Work request
No pictures, nothing altered: return the data below.

Records supplied
-----

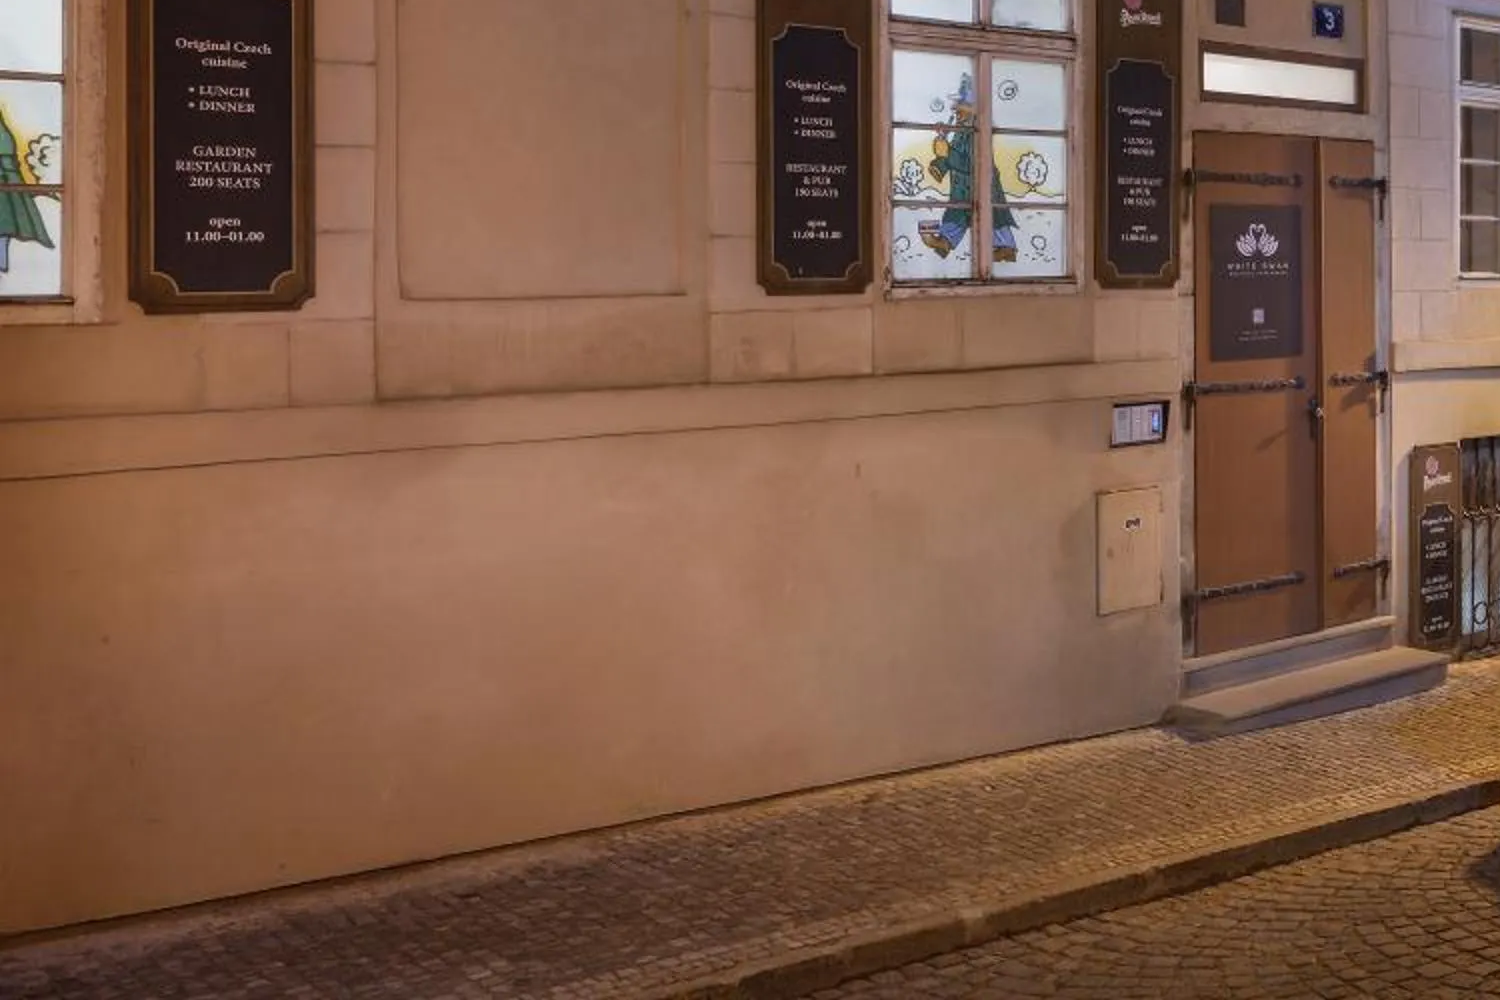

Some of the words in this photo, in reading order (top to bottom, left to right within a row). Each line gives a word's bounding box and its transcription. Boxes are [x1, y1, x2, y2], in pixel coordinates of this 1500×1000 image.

[1323, 8, 1336, 31] 3
[175, 37, 231, 53] Original
[233, 41, 273, 55] Czech
[201, 57, 247, 69] cuisine
[199, 85, 251, 98] LUNCH
[199, 100, 256, 113] DINNER
[193, 145, 257, 158] GARDEN
[175, 160, 273, 174] RESTAURANT
[189, 176, 214, 188] 200
[216, 177, 261, 189] SEATS
[209, 217, 241, 229] open
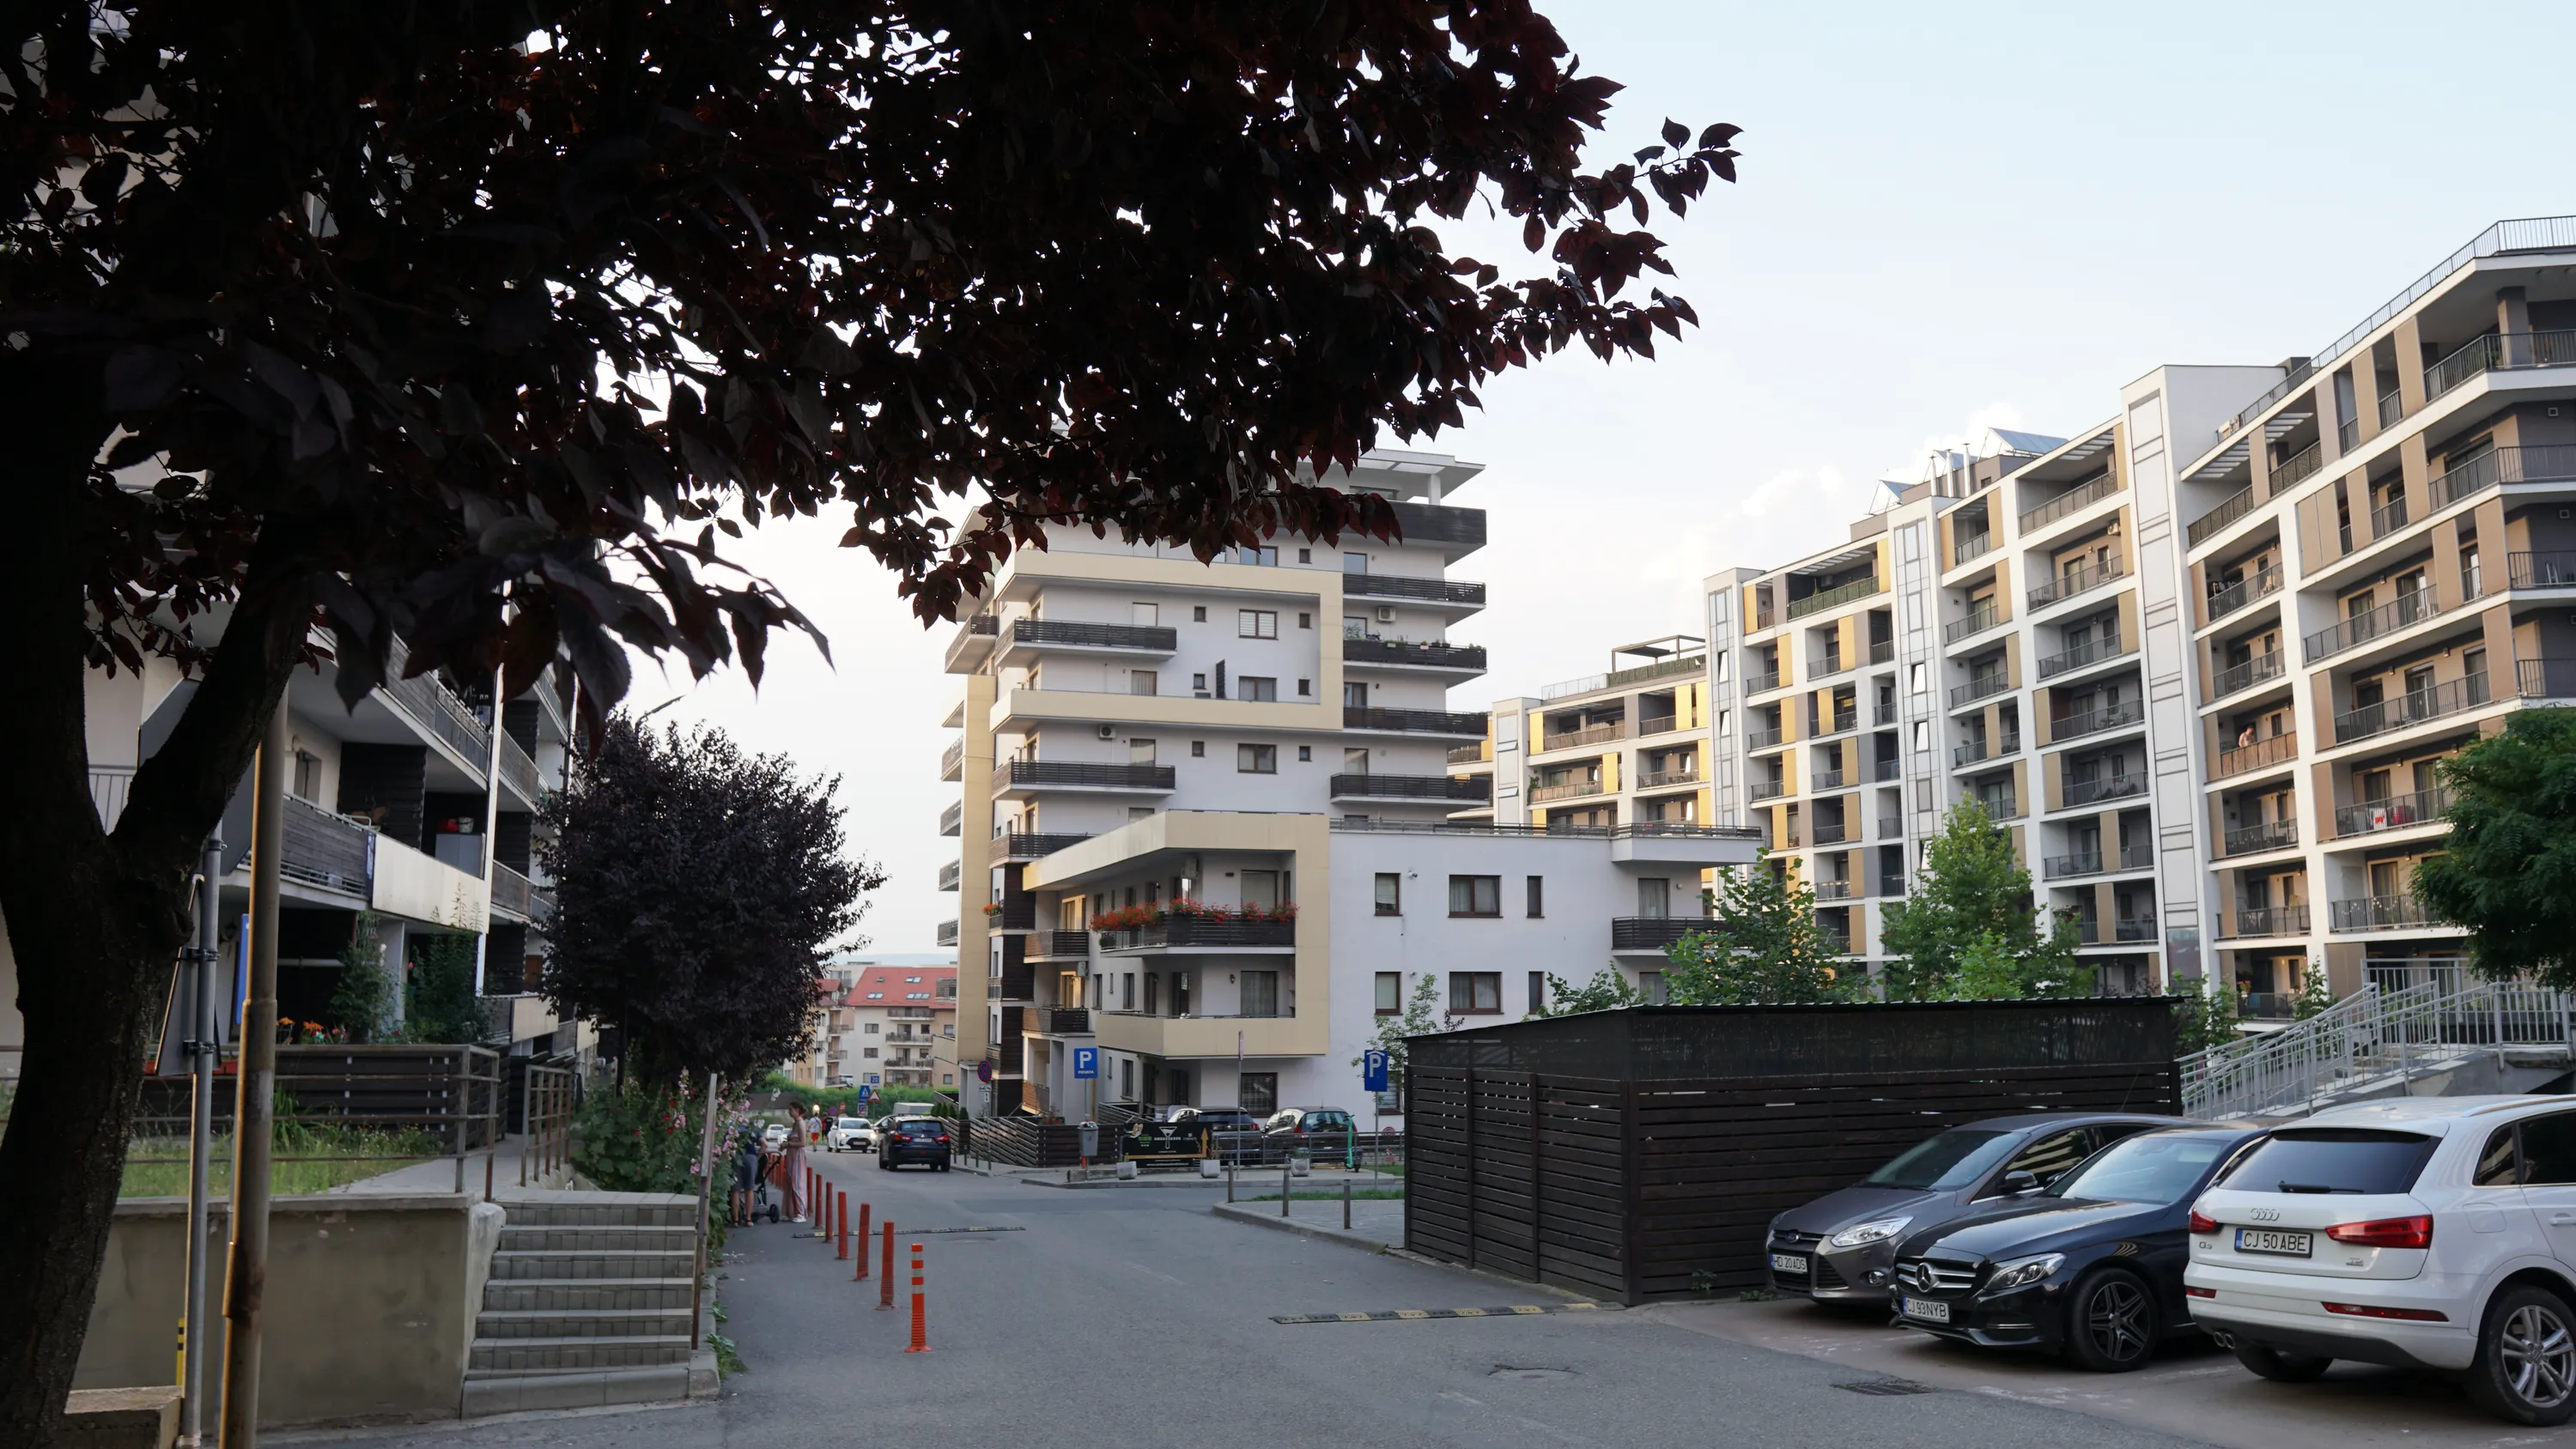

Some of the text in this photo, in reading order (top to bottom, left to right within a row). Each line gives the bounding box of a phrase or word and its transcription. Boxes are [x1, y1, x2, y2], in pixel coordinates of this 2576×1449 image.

-----

Output of the task
Some of the words in this photo, in reading order (top to bottom, left to right within a row). Each line gives a word's bounding box and its transcription. Boxes are [x1, y1, x2, y2], in pixel coordinates of this 1500×1000 image.

[1323, 8, 1336, 31] 3
[175, 37, 231, 53] Original
[233, 41, 273, 55] Czech
[201, 57, 247, 69] cuisine
[199, 85, 251, 98] LUNCH
[199, 100, 256, 113] DINNER
[193, 145, 257, 158] GARDEN
[175, 160, 273, 174] RESTAURANT
[189, 176, 214, 188] 200
[216, 177, 261, 189] SEATS
[209, 217, 241, 229] open

Some of the text in this photo, in reading order (top to bottom, left to right within a row). Each line gives the bounding box of a phrase or word and its transcription. Boxes are [x1, y1, x2, y2], in pixel coordinates of this 2576×1449 image.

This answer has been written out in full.